***** Input data *****

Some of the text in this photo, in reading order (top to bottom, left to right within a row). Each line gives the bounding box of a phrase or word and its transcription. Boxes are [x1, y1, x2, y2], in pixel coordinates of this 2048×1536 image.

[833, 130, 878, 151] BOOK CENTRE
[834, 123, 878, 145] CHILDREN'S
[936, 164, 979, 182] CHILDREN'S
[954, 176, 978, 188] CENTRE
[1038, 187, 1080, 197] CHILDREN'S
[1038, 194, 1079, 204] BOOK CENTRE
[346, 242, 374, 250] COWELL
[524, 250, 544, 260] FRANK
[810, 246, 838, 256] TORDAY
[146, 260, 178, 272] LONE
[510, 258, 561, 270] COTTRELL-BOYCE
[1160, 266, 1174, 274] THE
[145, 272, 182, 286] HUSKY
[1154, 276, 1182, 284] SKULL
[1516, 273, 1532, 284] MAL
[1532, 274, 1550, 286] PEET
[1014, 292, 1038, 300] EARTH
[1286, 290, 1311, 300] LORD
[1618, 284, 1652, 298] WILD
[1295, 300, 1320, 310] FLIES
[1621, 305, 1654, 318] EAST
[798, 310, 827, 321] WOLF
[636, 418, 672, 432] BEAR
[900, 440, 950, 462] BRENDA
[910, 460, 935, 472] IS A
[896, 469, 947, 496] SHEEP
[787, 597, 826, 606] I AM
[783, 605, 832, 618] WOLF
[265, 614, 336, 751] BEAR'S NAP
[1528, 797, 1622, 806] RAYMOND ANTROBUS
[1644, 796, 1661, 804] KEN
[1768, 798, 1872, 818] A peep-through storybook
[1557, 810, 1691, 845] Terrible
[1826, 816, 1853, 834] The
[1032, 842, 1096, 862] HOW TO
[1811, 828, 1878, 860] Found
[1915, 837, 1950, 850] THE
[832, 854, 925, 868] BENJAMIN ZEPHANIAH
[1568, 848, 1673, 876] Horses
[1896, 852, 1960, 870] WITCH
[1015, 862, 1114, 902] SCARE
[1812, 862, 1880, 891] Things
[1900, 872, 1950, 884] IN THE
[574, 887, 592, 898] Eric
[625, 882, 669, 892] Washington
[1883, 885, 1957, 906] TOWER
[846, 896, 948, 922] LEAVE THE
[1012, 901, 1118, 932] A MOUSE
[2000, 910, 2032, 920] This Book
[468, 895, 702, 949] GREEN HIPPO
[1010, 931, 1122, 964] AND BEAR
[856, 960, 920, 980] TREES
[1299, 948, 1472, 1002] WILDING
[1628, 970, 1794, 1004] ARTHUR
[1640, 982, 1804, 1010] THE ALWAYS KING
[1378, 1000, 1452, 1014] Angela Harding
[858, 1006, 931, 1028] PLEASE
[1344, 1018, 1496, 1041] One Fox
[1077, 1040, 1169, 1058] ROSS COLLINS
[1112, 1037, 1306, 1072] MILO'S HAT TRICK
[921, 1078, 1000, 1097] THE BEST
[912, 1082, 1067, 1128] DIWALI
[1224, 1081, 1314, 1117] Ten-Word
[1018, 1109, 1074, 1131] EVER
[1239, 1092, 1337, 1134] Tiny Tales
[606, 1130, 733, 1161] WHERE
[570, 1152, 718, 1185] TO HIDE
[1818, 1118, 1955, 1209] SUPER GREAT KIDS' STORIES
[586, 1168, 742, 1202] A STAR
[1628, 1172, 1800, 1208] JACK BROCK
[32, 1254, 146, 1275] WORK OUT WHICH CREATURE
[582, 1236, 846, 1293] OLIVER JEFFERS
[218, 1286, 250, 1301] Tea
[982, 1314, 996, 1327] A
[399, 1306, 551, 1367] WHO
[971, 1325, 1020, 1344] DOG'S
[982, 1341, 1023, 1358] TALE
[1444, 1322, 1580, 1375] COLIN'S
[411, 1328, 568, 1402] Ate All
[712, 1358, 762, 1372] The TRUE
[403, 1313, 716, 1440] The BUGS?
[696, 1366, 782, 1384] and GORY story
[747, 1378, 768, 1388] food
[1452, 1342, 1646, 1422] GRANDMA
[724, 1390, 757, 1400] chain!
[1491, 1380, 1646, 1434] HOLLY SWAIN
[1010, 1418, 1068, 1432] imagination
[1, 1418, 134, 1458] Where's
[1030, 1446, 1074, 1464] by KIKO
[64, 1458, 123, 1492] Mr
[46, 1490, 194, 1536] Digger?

*****

Copy out every line in the entries above that holds "CHILDREN".

[834, 123, 878, 145] CHILDREN'S
[936, 164, 979, 182] CHILDREN'S
[1038, 187, 1080, 197] CHILDREN'S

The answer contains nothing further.